Free-text object descriptions:

>>>

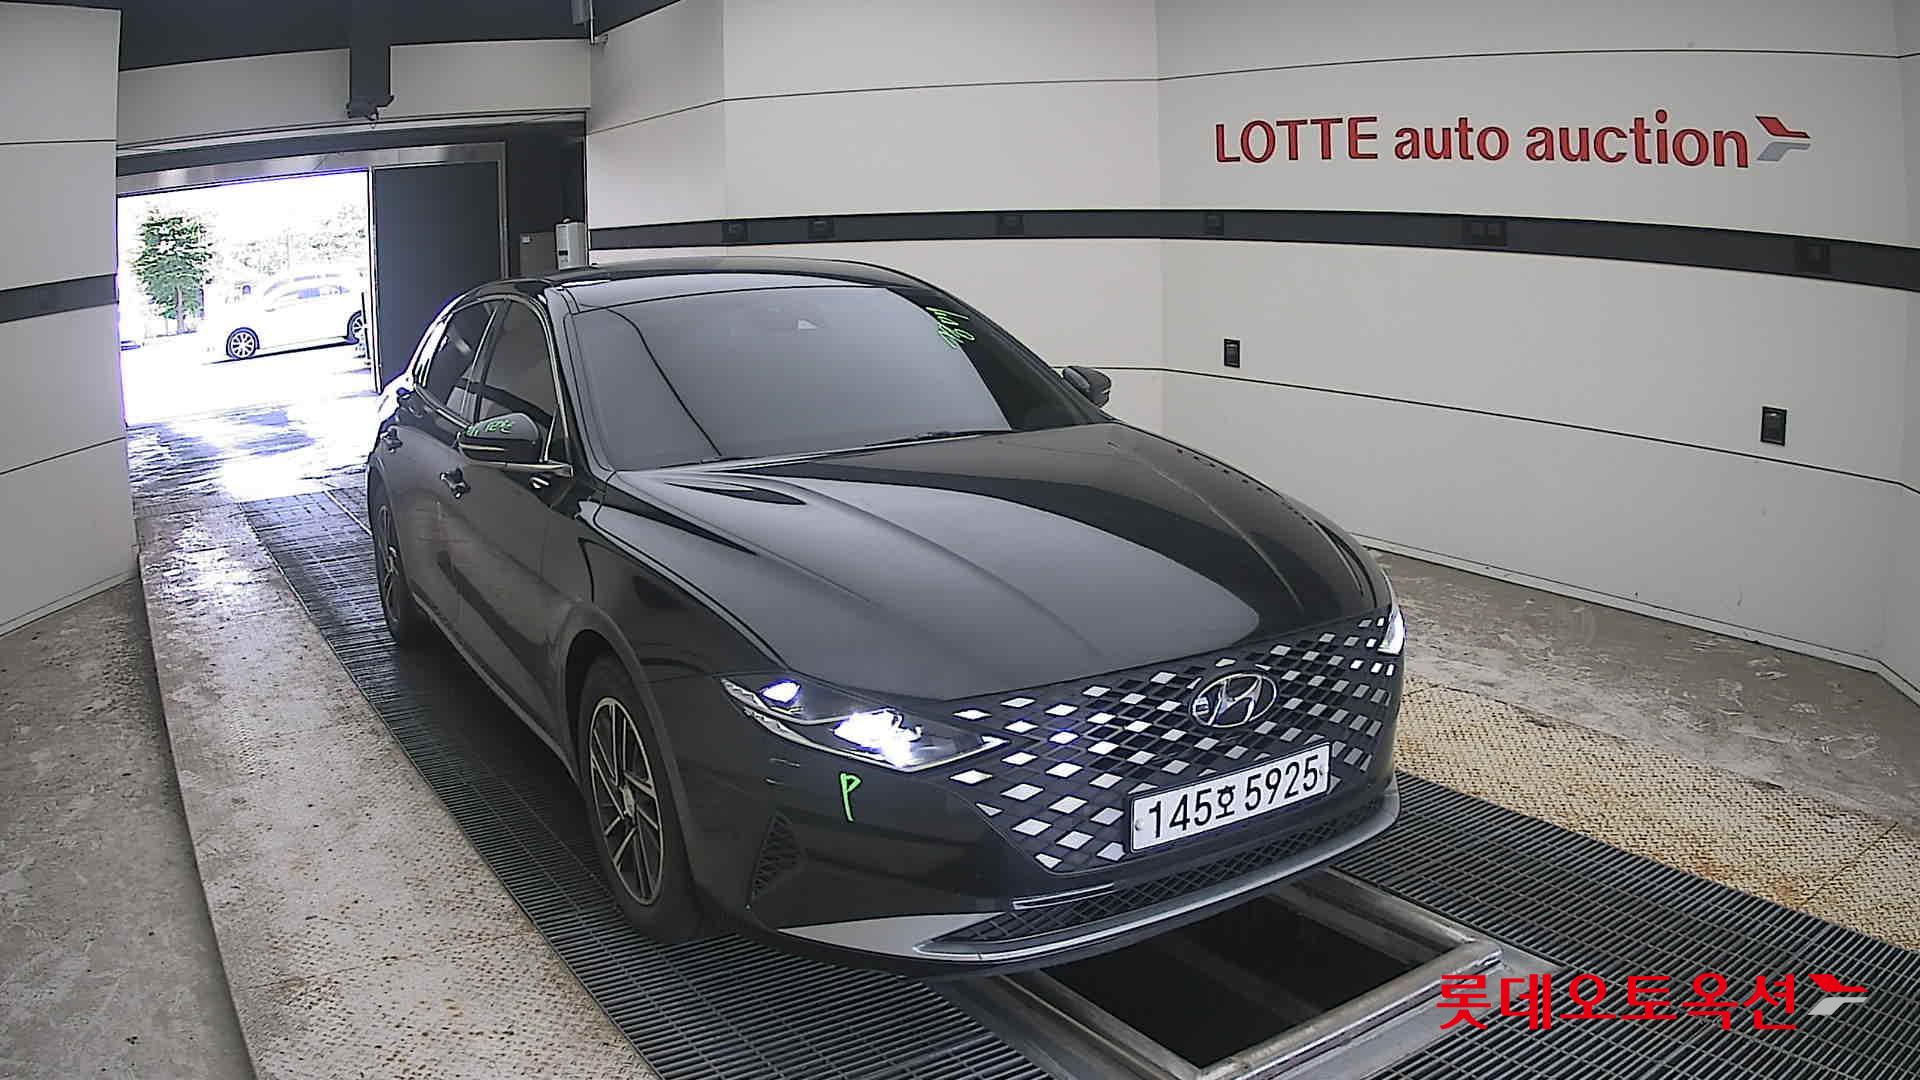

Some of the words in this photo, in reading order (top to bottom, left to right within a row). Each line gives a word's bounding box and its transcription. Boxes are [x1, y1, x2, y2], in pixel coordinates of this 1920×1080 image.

[1214, 115, 1379, 163] LOTTE
[1393, 115, 1510, 162] auto
[1525, 109, 1750, 169] auction
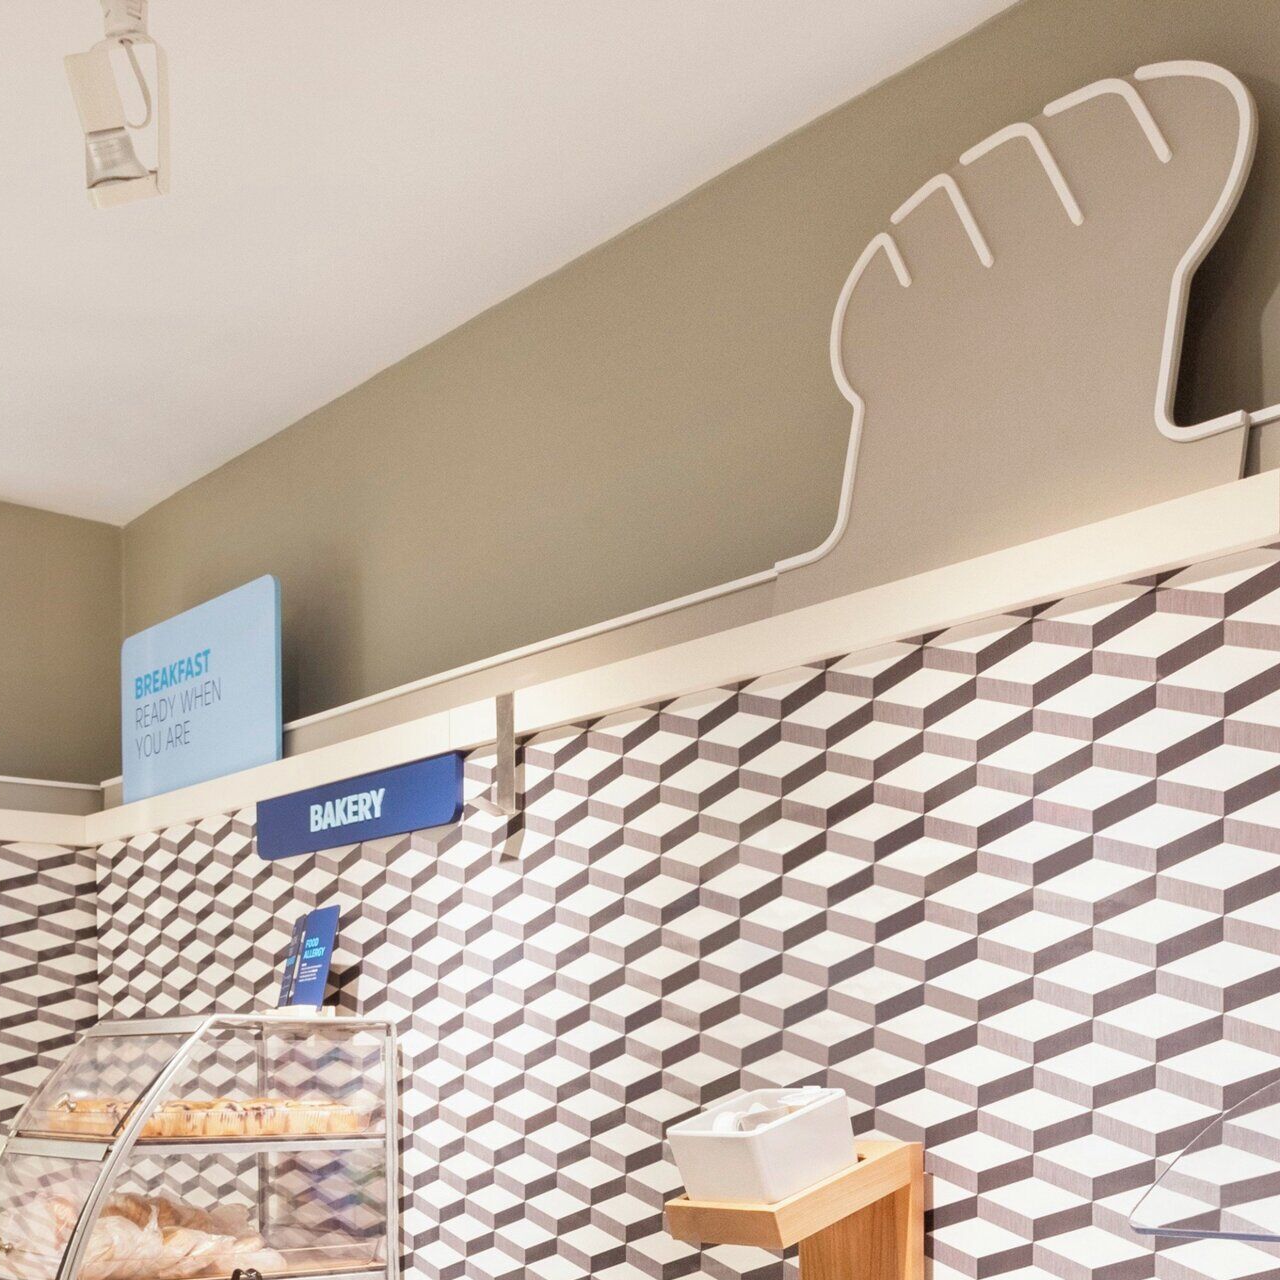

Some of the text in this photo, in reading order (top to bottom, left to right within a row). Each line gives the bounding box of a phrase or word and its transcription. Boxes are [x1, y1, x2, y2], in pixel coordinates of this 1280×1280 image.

[135, 648, 211, 700] BREAKFAST
[135, 676, 222, 731] READY WHEN
[135, 720, 191, 761] YOU ARE
[309, 787, 386, 833] BAKERY
[303, 946, 326, 960] ALLERGY
[305, 937, 320, 949] FOOD

<<<

What you return should match the records line for line, minus the pictures.

YOUR RESPONSE:
Some of the words in this photo, in reading order (top to bottom, left to right within a row). Each line gives a word's bounding box and its transcription. Boxes are [x1, y1, x2, y2], in pixel coordinates of this 1920×1080 image.

[1214, 115, 1379, 163] LOTTE
[1393, 115, 1510, 162] auto
[1525, 109, 1750, 169] auction

Some of the text in this photo, in reading order (top to bottom, left to right within a row). Each line gives the bounding box of a phrase or word and its transcription. Boxes are [x1, y1, x2, y2], in pixel coordinates of this 1280×1280 image.

[135, 648, 211, 700] BREAKFAST
[135, 676, 222, 731] READY WHEN
[135, 720, 191, 761] YOU ARE
[309, 787, 386, 833] BAKERY
[303, 946, 326, 960] ALLERGY
[305, 937, 320, 949] FOOD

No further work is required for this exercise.